Narayanan, Balasubramanian, Jacobsen, Spall, Bauer, Quigley, Hussain, Younis, Shen, Bhattacharyya, Burtsev (2019)

We saw a problem; we designed a solution; we evaluated that solution.
I felt betrayed when (at the top of page 2) they admit that their technique really doesn't work, for exactly the reasons they desrcibed above -- everything is tightly coupled. So, this paper is really, "Yet another technique for isolating device drivers." I better see it compared to all the other approaches for protecting device drivers. And they do exactly two device drivers.

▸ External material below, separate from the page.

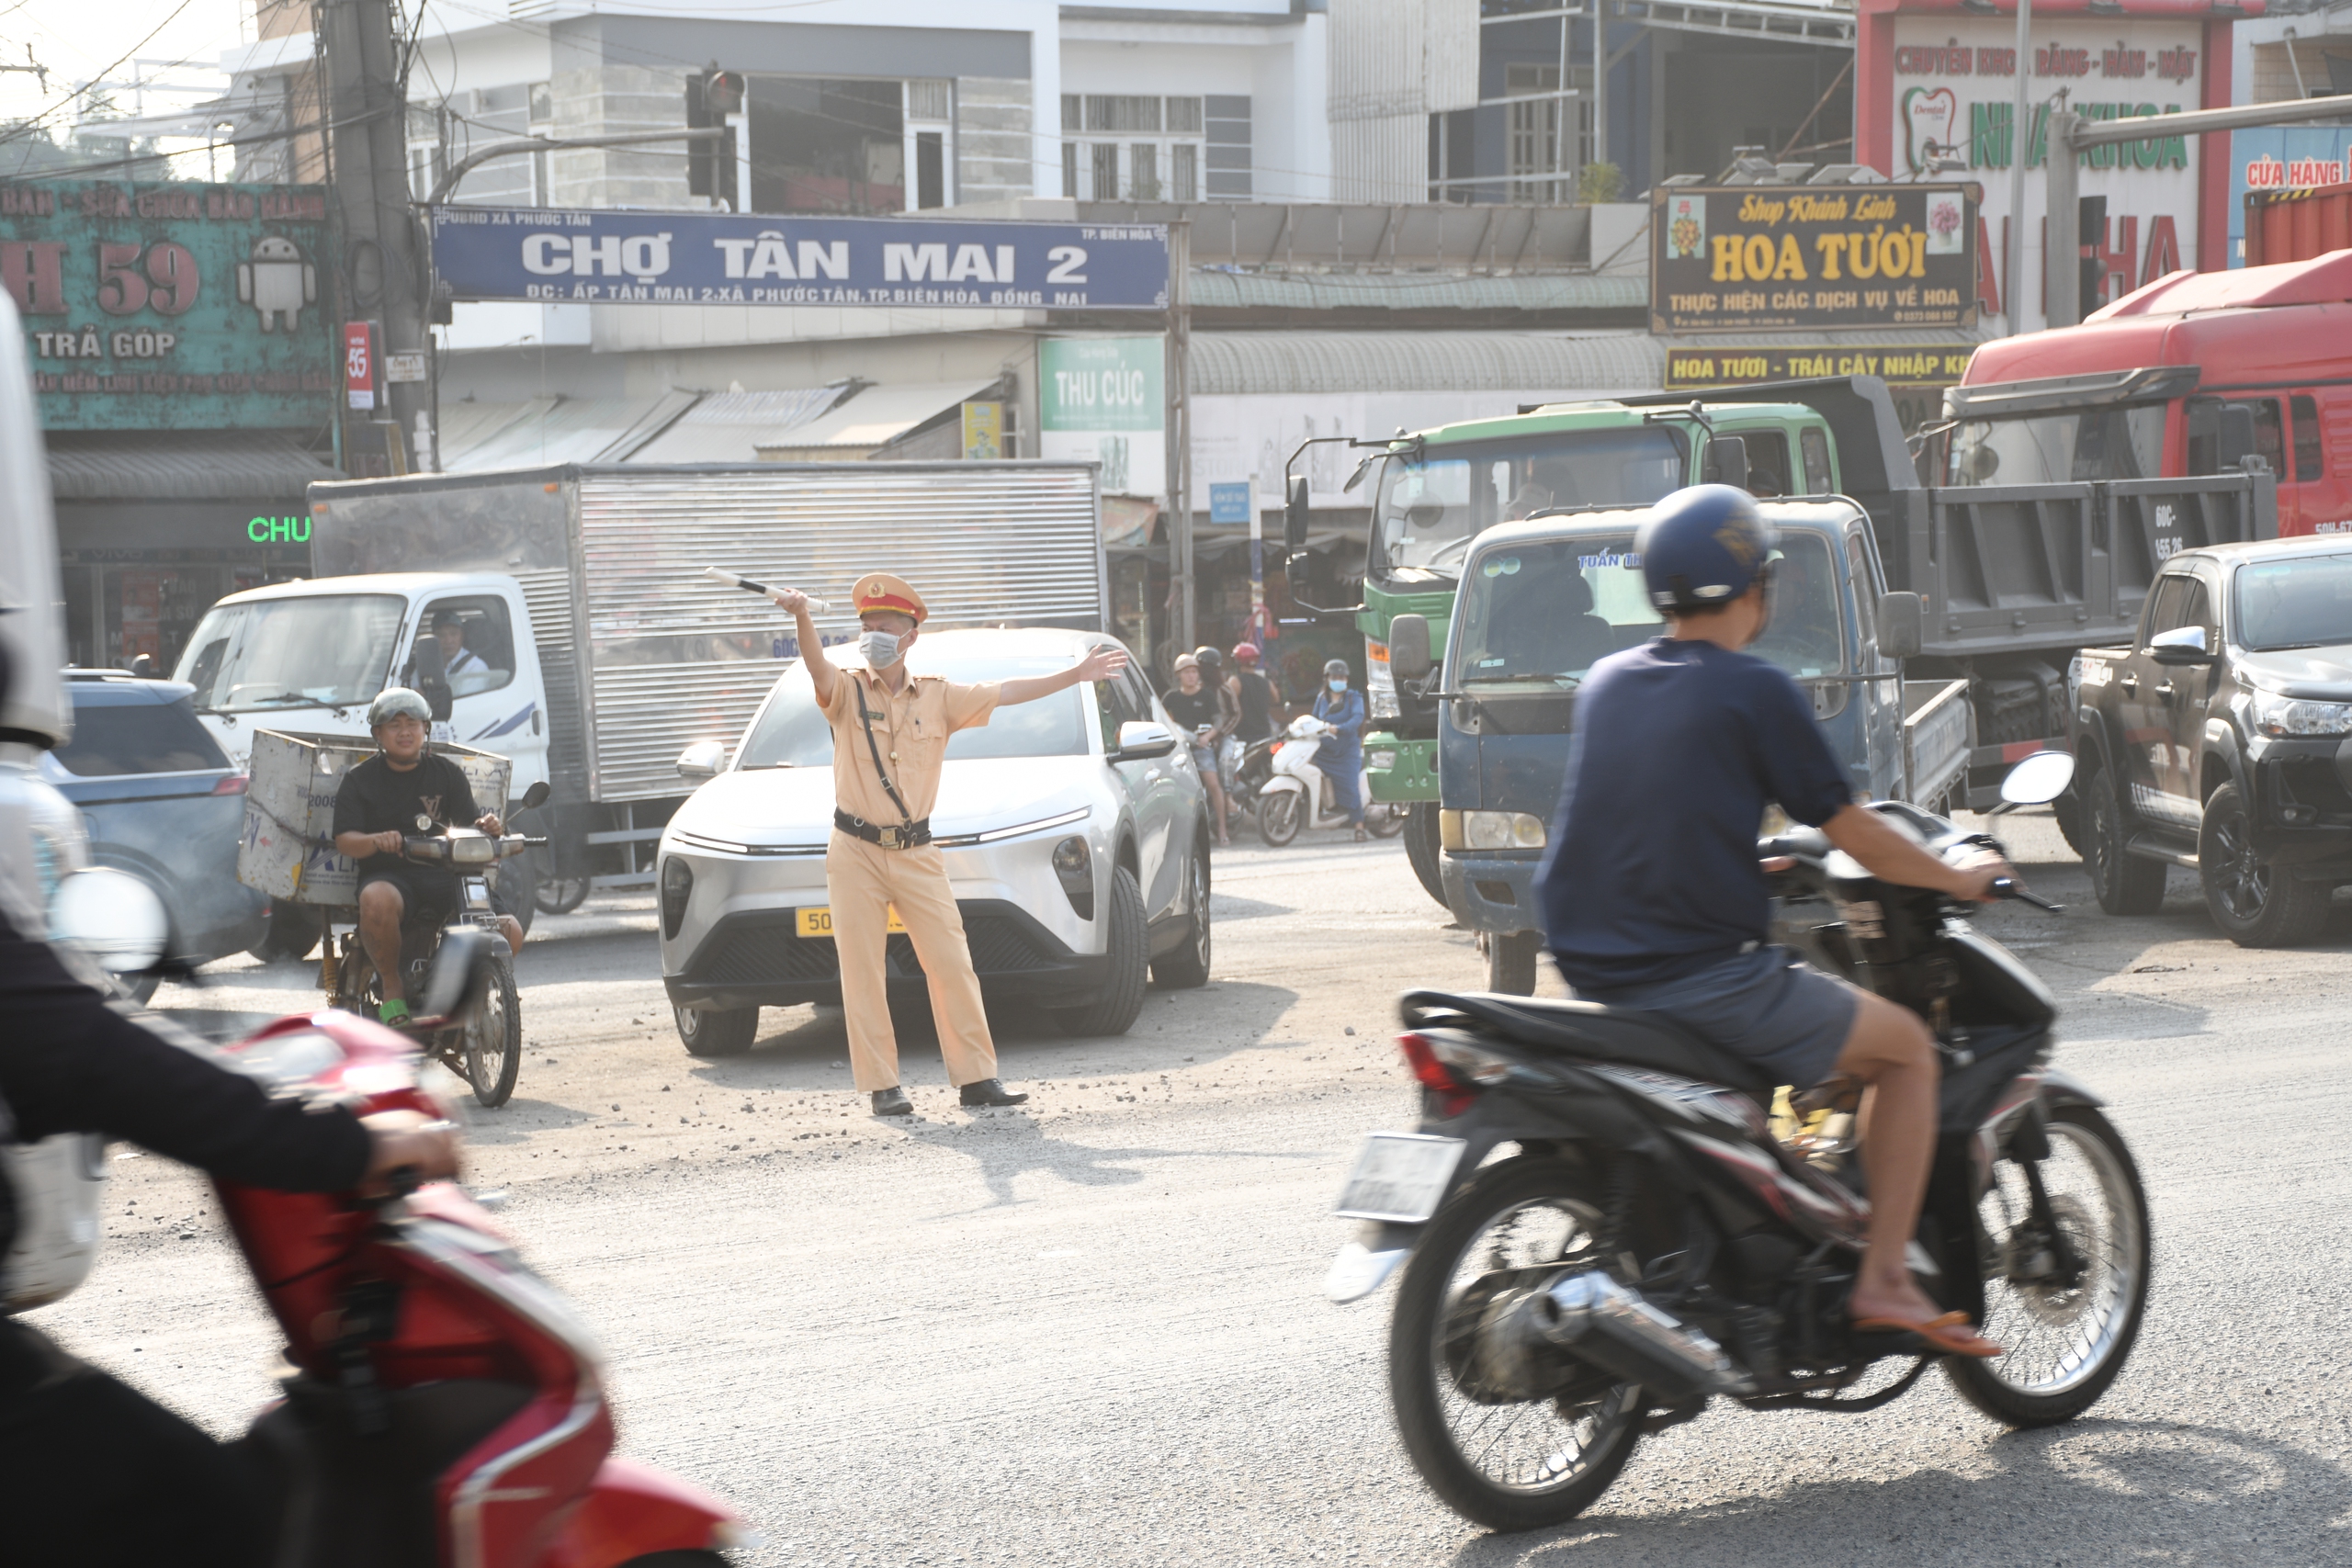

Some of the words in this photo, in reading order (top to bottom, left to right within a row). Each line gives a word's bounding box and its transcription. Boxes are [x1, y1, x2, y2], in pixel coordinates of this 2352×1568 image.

Today's operating systems are monolithic (for better or worse).
Operating systems have bugs, one bug can affect the entire kernel, and bugs cause security problems.
We have a new isolation mechanism to isolate parts of the kernel from one another. It's easier to do than use a microkernel (implied).
We have fewer security vulnerabilities.

Sawmill: Linux on L4 (microkernel). Main criticism: synchronous IPC.
Nooks: isolate device drivers. Main criticism: sync IPC, static analysis for interfaces (and some claim that IDL is better?!).
OSKit: large kernel components that could be assembled (did not folcus on isolation at all). Main criticism: Too hard to maintain (true).
Rump kernel: different problem -- building libOS for NetBSD. Claim that LXD automates the decomposition, but I don't see that.
User level device drivers. Criticisms: Too hard to build the user level environment (but you only do that once), or virtualized kernel environment is too expensive.

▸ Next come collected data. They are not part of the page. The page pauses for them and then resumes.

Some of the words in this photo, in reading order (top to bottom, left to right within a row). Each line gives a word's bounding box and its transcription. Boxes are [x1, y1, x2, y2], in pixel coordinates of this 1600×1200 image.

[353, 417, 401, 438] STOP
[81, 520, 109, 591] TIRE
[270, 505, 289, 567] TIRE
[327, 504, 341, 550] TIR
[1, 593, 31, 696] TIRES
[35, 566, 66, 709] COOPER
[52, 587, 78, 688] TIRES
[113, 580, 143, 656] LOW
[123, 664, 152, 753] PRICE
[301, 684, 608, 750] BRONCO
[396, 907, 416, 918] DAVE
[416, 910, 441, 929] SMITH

LXD is a loadable kernel module: glue code (from IDL) and libLXD (kernel callbacks from device drivers).
Uses VT-x for isolation (provides direct assignment of PCIe and direct interrupt delivery).
Use asynch cross-core communication when possible.
And we have a small microkernel embedded in the monolithic OS! (L4-esque)
Their IDL is for backward compatibility, but I don't see how it differs from any other IDL.
Use async threads for communication.

Organized around modules, which have an interface.
Generated stubs for the interface functions (just like any IDL ...).
Generates a dispatch loop.
Shadow all data structures in the driver and in the glue code (to main tain isolation barrier).
Synchronize shadows on every(?) invocation.
Generate cross domain calls (a hidden argument is just like the 'this' parameter in other languages).
This may be a somewhat more involved generation problem but I see absolutely nothing novel in this IDL or its implementation.

Network Device Drivers: dummy and the Intel 82599 10Gpbs Ethernet Driver
- IDL LoC: 64/153
- Develop IDL Specification for the PCI bus interface
- Single copy from user to LXD; then zero copy in the LXD.
Multi-Queue Null Block Driver
- IDL LoC: 68
- Nothing else about this driver seems particularly noteworthy.

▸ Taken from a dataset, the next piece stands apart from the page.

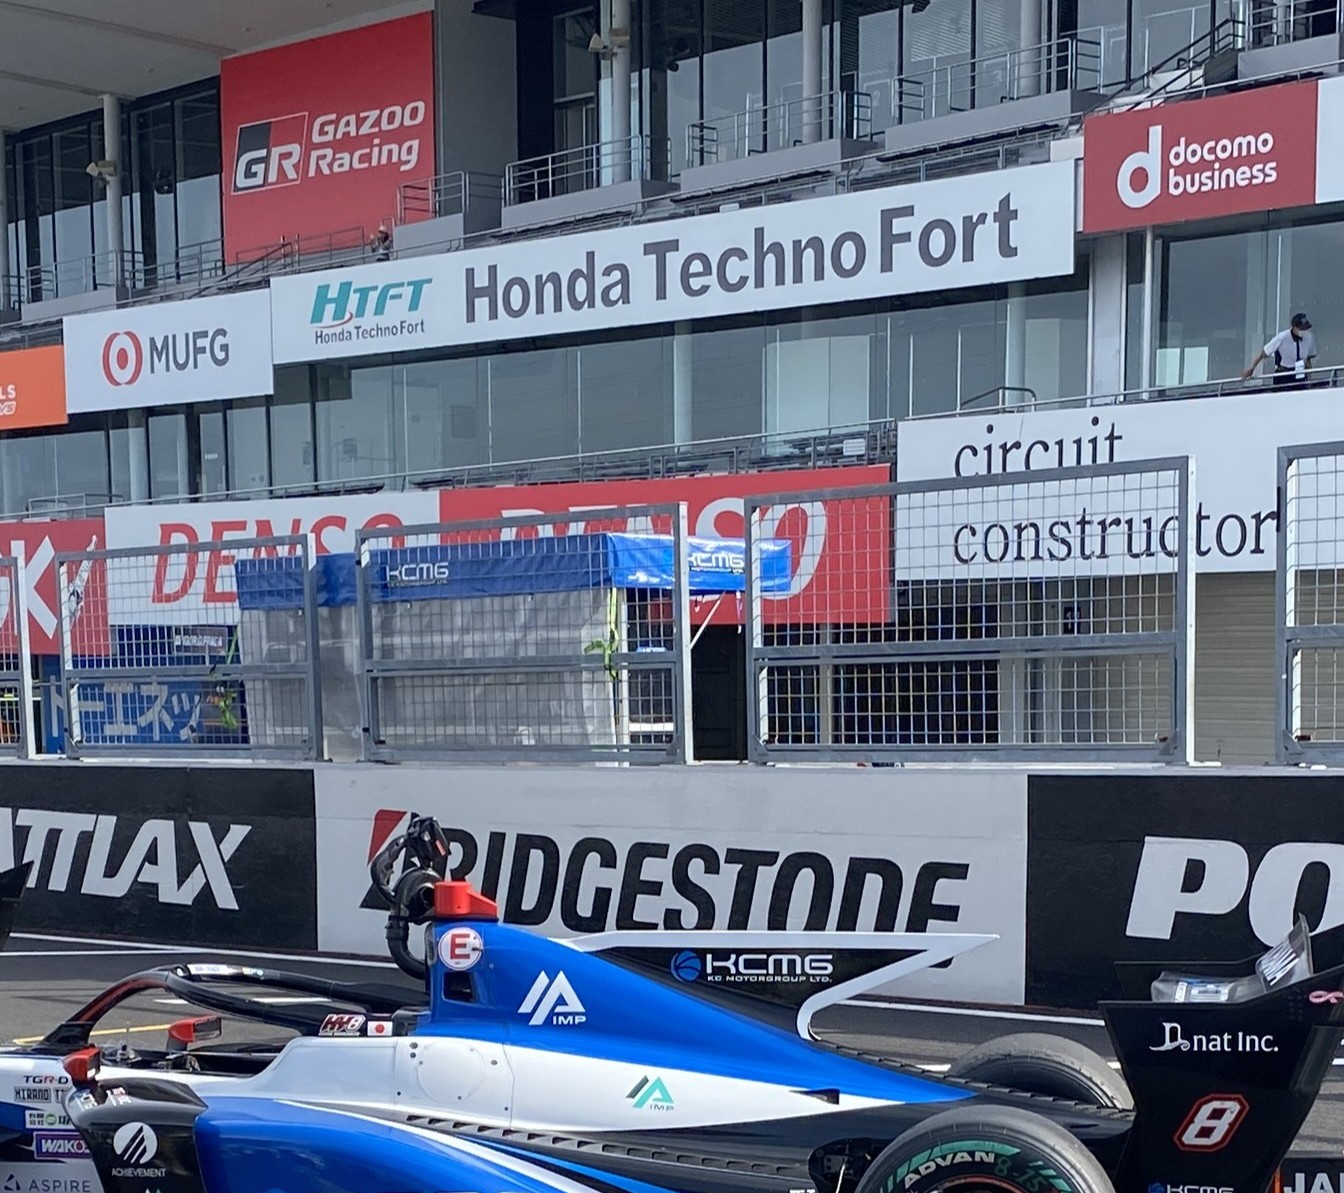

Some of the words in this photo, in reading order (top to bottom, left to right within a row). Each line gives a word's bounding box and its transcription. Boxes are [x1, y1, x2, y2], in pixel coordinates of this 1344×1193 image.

Async Runtime (What should I take away from this???)
1. create and teardown minimal async block: 36 cycles
2. Switch between pair of async threads: 29 cycles (20 CPU instructions of which 16 touch memory).
3. Single blocking ASYNC: 124 cycles
4. Four blocking ASYNC: 374 (93.5 per block)
Same-core v cross-core IPC: LXD v seL4 -- I have no idea what to make of these numbers?! The numbers in the prose do not seem to match those in the tables!
Message Batching: batching helps.
Dummy Device Driver: Example of a fast driver (iperf2)
1. one kernel/driver crossing per packet: non-isolated: 956 K IOPS isolate: 730K (76%)
2. two crossings per packet: adds 1794 cycles (to the 3009 from last experiment) -- that makes crossings look really expensive!
3. Async communication induced by 4KB packets: async non-isolated 534 K IOPS; sync non-isolated: 236 K (44%); async isolated: 341 K (64%)
IXGBE driver (only real driver in the study): within 13% of the native drivers on the send path; within 18% on the receive path.
Multi-Queue Block Driver (fio) -- gets baout 79% of the non-isolated performance.